- What to work on
For each entry, repeat the text exactly and omit any picture it holds.

--------------------

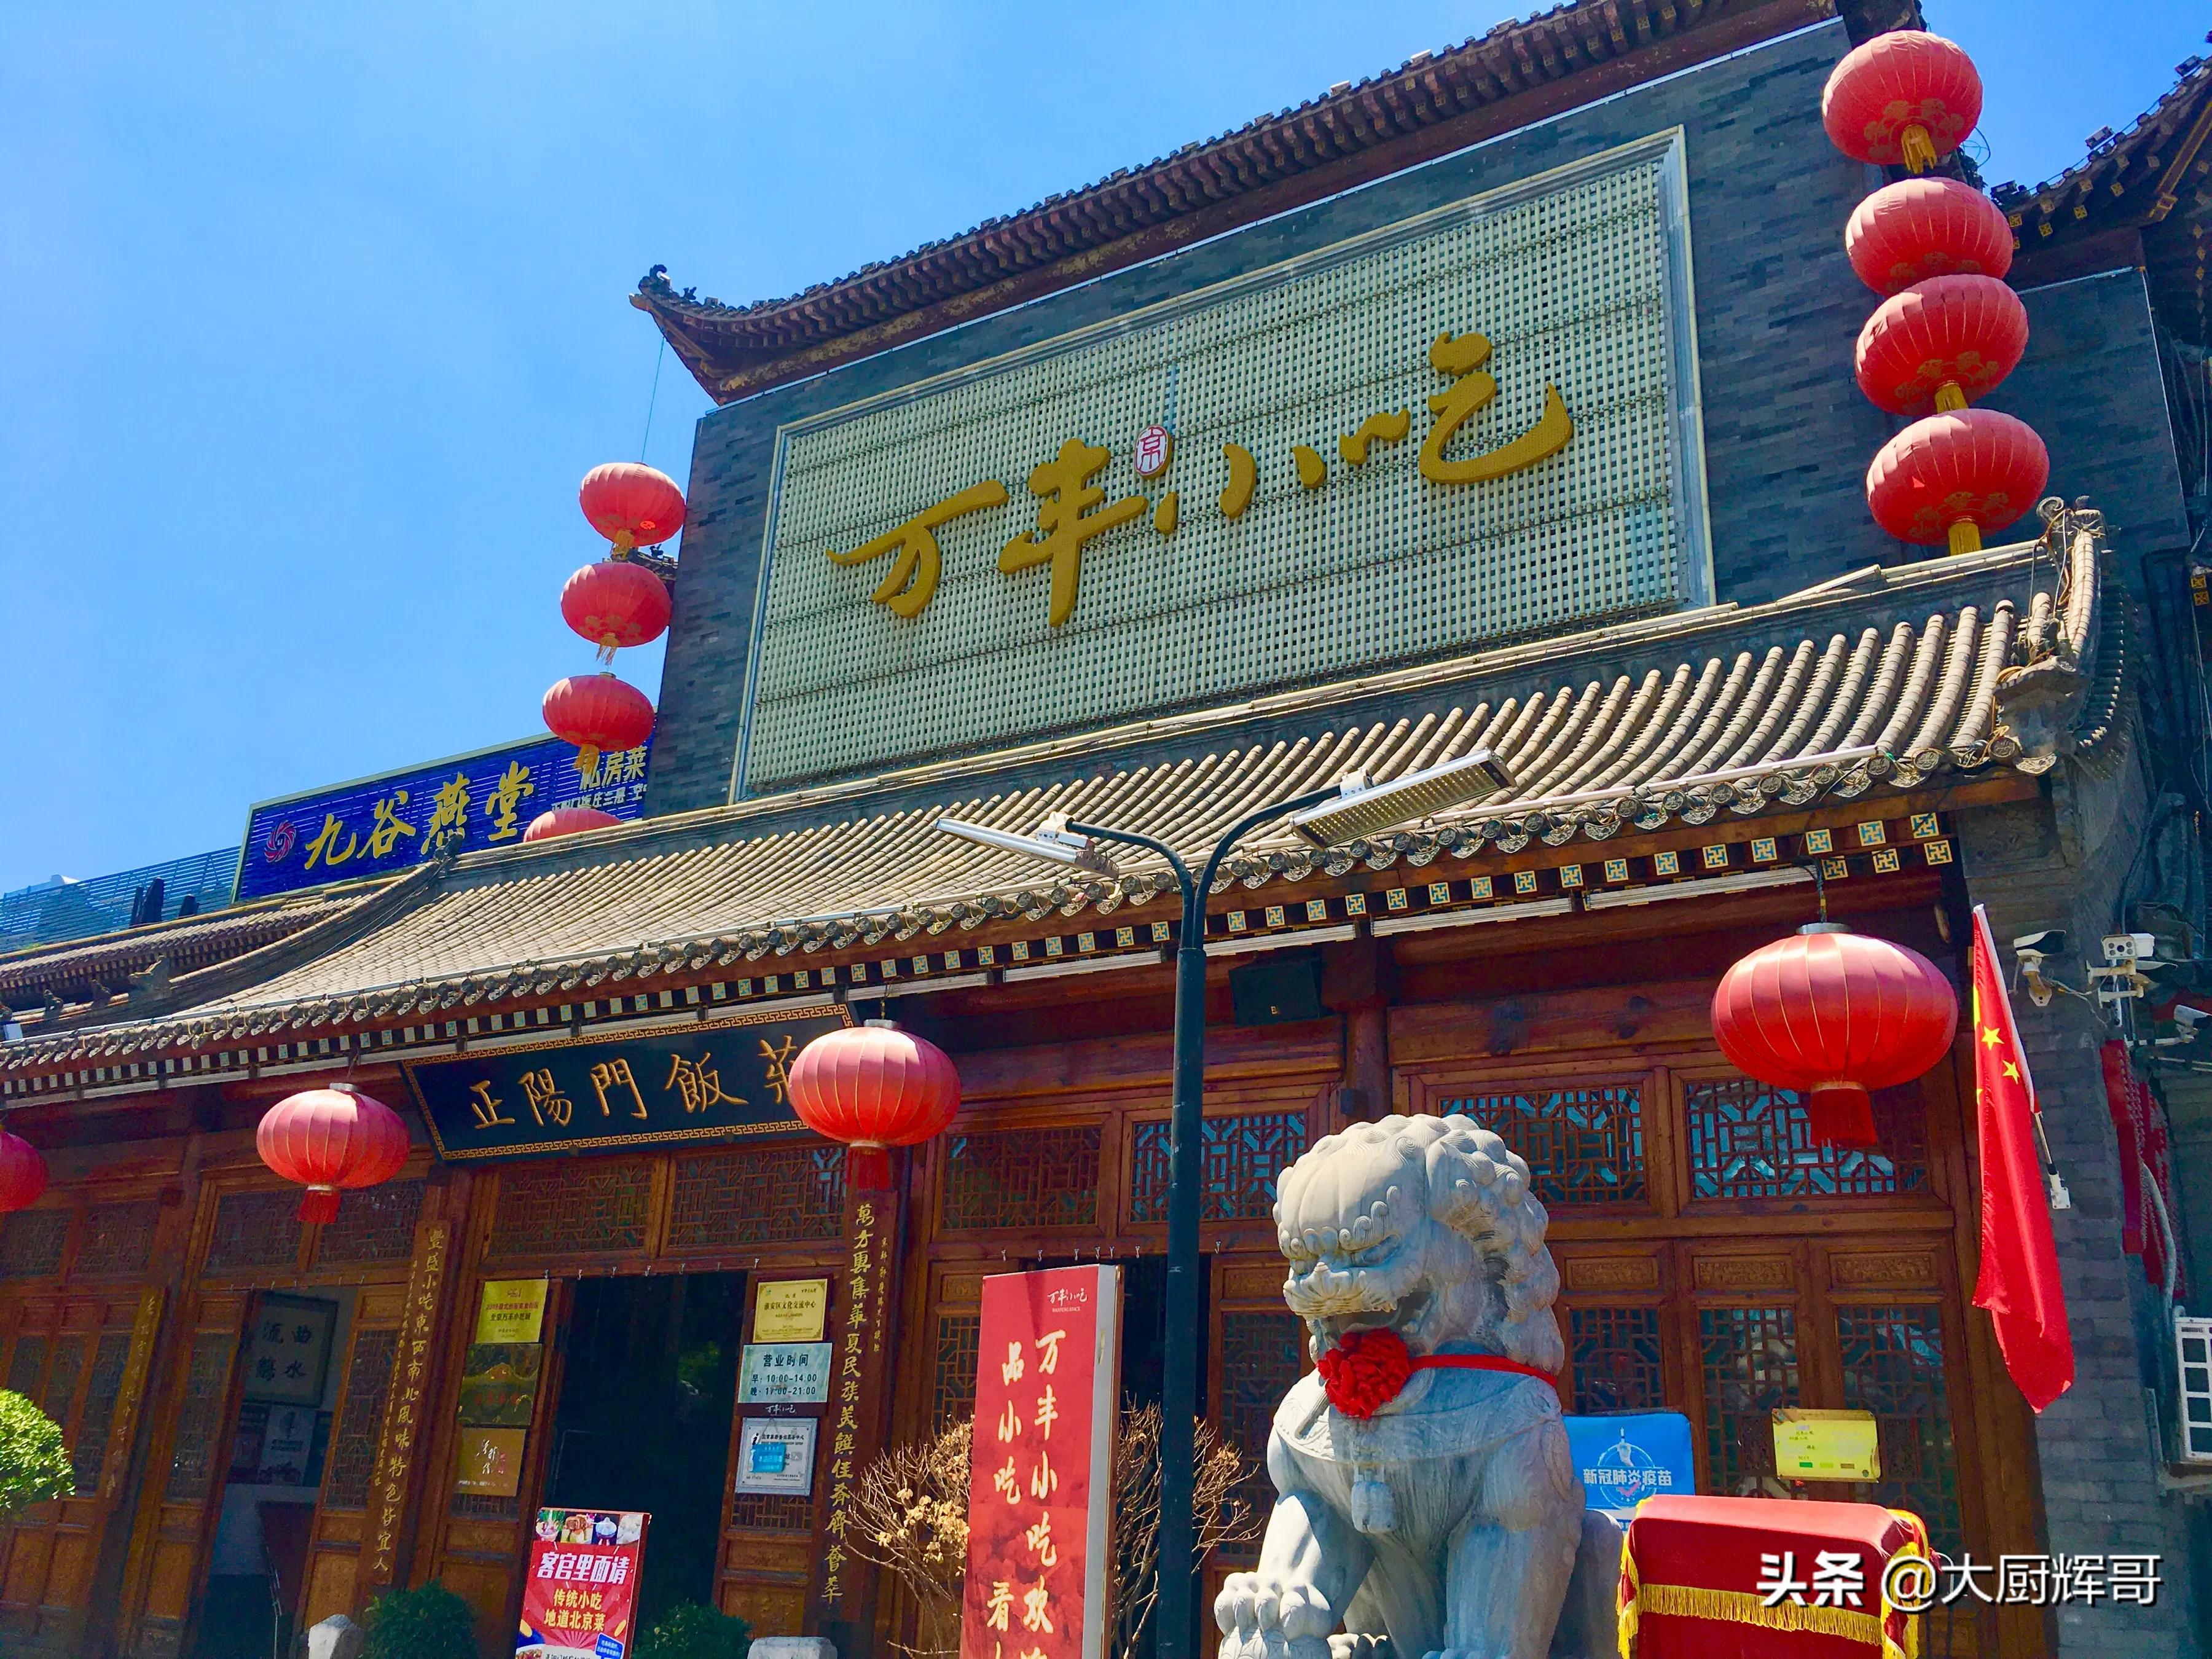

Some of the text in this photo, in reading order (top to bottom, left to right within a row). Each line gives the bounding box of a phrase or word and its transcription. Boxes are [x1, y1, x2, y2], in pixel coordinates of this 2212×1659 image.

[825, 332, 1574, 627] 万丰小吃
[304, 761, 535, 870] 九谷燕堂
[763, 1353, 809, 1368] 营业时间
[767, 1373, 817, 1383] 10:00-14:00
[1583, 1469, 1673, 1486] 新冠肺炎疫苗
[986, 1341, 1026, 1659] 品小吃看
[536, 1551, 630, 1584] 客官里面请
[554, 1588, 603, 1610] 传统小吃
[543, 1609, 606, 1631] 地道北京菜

--------------------

- Task output
Some of the text in this photo, in reading order (top to bottom, left to right within a row). Each line gives the bounding box of a phrase or word and its transcription. Boxes are [x1, y1, x2, y2], in pixel coordinates of this 2212×1659 image.

[825, 332, 1574, 627] 万丰小吃
[304, 761, 535, 870] 九谷燕堂
[763, 1353, 809, 1368] 营业时间
[767, 1373, 817, 1383] 10:00-14:00
[1583, 1469, 1673, 1486] 新冠肺炎疫苗
[986, 1341, 1026, 1659] 品小吃看
[536, 1551, 630, 1584] 客官里面请
[554, 1588, 603, 1610] 传统小吃
[543, 1609, 606, 1631] 地道北京菜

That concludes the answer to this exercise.